Work request: Reproduce every entry exactly and leave its pictures out.
Content starts
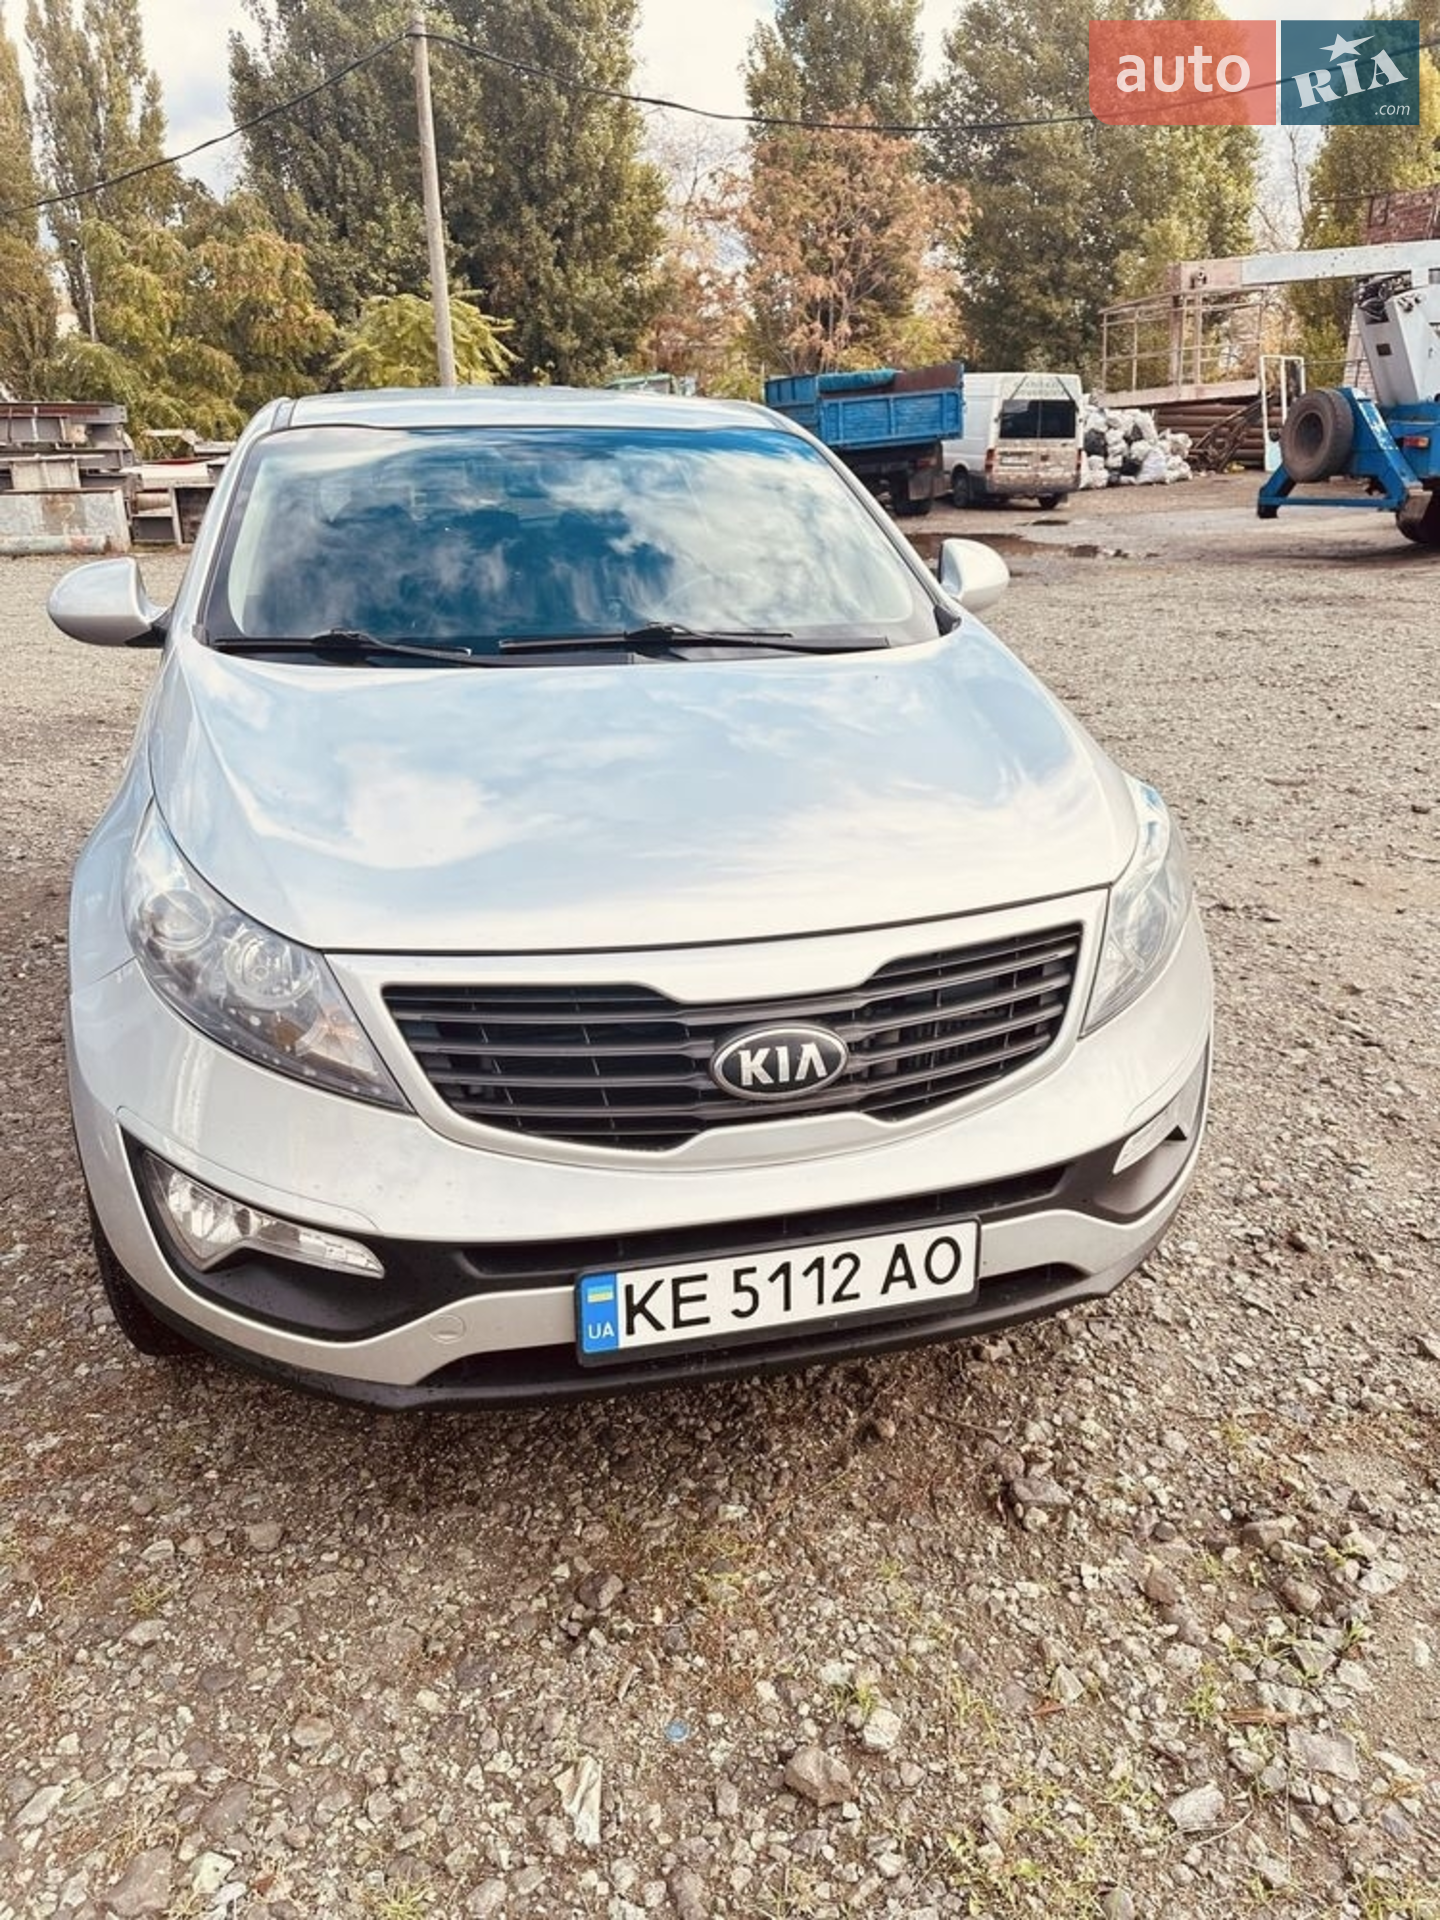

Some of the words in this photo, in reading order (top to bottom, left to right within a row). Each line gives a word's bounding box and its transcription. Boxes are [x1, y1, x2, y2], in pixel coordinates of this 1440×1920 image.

[738, 1042, 828, 1086] KIA
[624, 1273, 711, 1336] KE
[730, 1251, 861, 1319] 5112
[880, 1235, 962, 1294] AO
[588, 1322, 615, 1340] UA
Content ends
Solution below:
Some of the words in this photo, in reading order (top to bottom, left to right within a row). Each line gives a word's bounding box and its transcription. Boxes are [x1, y1, x2, y2], in pixel coordinates of this 1440×1920 image.

[738, 1042, 828, 1086] KIA
[624, 1273, 711, 1336] KE
[730, 1251, 861, 1319] 5112
[880, 1235, 962, 1294] AO
[588, 1322, 615, 1340] UA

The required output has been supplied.